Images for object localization
───
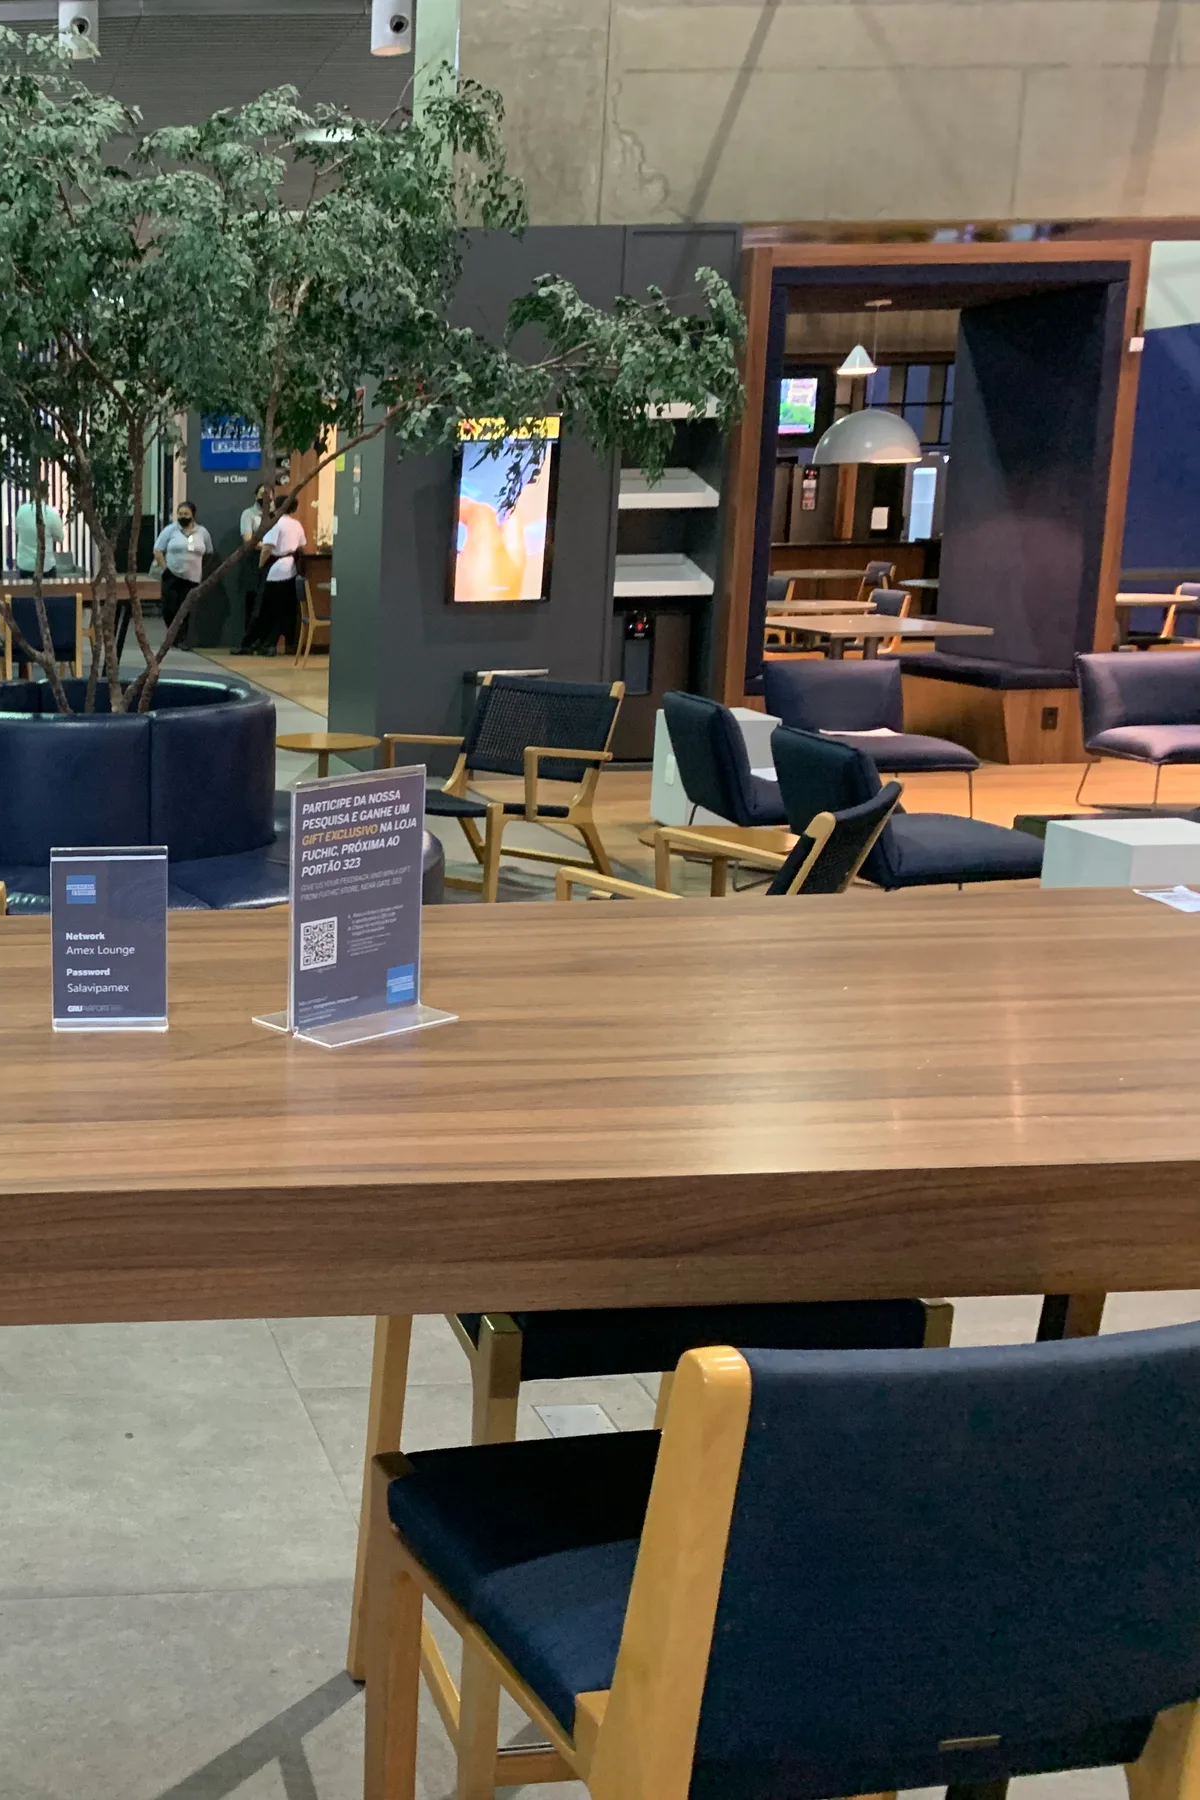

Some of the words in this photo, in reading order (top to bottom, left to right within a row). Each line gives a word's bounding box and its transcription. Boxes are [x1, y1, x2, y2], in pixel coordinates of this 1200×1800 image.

[214, 475, 229, 483] First
[230, 475, 248, 483] Class
[302, 797, 352, 815] PARTICIPE
[353, 795, 367, 806] DA
[368, 789, 401, 804] NOSSA
[302, 813, 350, 830] PESQUISA
[351, 811, 358, 823] E
[360, 806, 392, 821] GANHE
[394, 803, 411, 815] UM
[302, 832, 324, 846] GIFT
[325, 824, 378, 842] EXCLUSIVO
[379, 821, 392, 833] NA
[394, 817, 417, 831] LOJA
[341, 839, 385, 855] PRÓXIMA
[386, 835, 400, 847] AO
[301, 860, 341, 878] PORTÃO
[342, 857, 361, 870] 323
[66, 932, 105, 941] Network
[66, 946, 95, 955] Amex
[97, 945, 136, 957] Lounge
[66, 968, 111, 976] Password
[67, 983, 130, 995] Salavipamex
───
Pictures stay out, but every record above is to be returned exactly.

Some of the words in this photo, in reading order (top to bottom, left to right within a row). Each line gives a word's bounding box and its transcription. Boxes are [x1, y1, x2, y2], in pixel coordinates of this 1200×1800 image.

[214, 475, 229, 483] First
[230, 475, 248, 483] Class
[302, 797, 352, 815] PARTICIPE
[353, 795, 367, 806] DA
[368, 789, 401, 804] NOSSA
[302, 813, 350, 830] PESQUISA
[351, 811, 358, 823] E
[360, 806, 392, 821] GANHE
[394, 803, 411, 815] UM
[302, 832, 324, 846] GIFT
[325, 824, 378, 842] EXCLUSIVO
[379, 821, 392, 833] NA
[394, 817, 417, 831] LOJA
[341, 839, 385, 855] PRÓXIMA
[386, 835, 400, 847] AO
[301, 860, 341, 878] PORTÃO
[342, 857, 361, 870] 323
[66, 932, 105, 941] Network
[66, 946, 95, 955] Amex
[97, 945, 136, 957] Lounge
[66, 968, 111, 976] Password
[67, 983, 130, 995] Salavipamex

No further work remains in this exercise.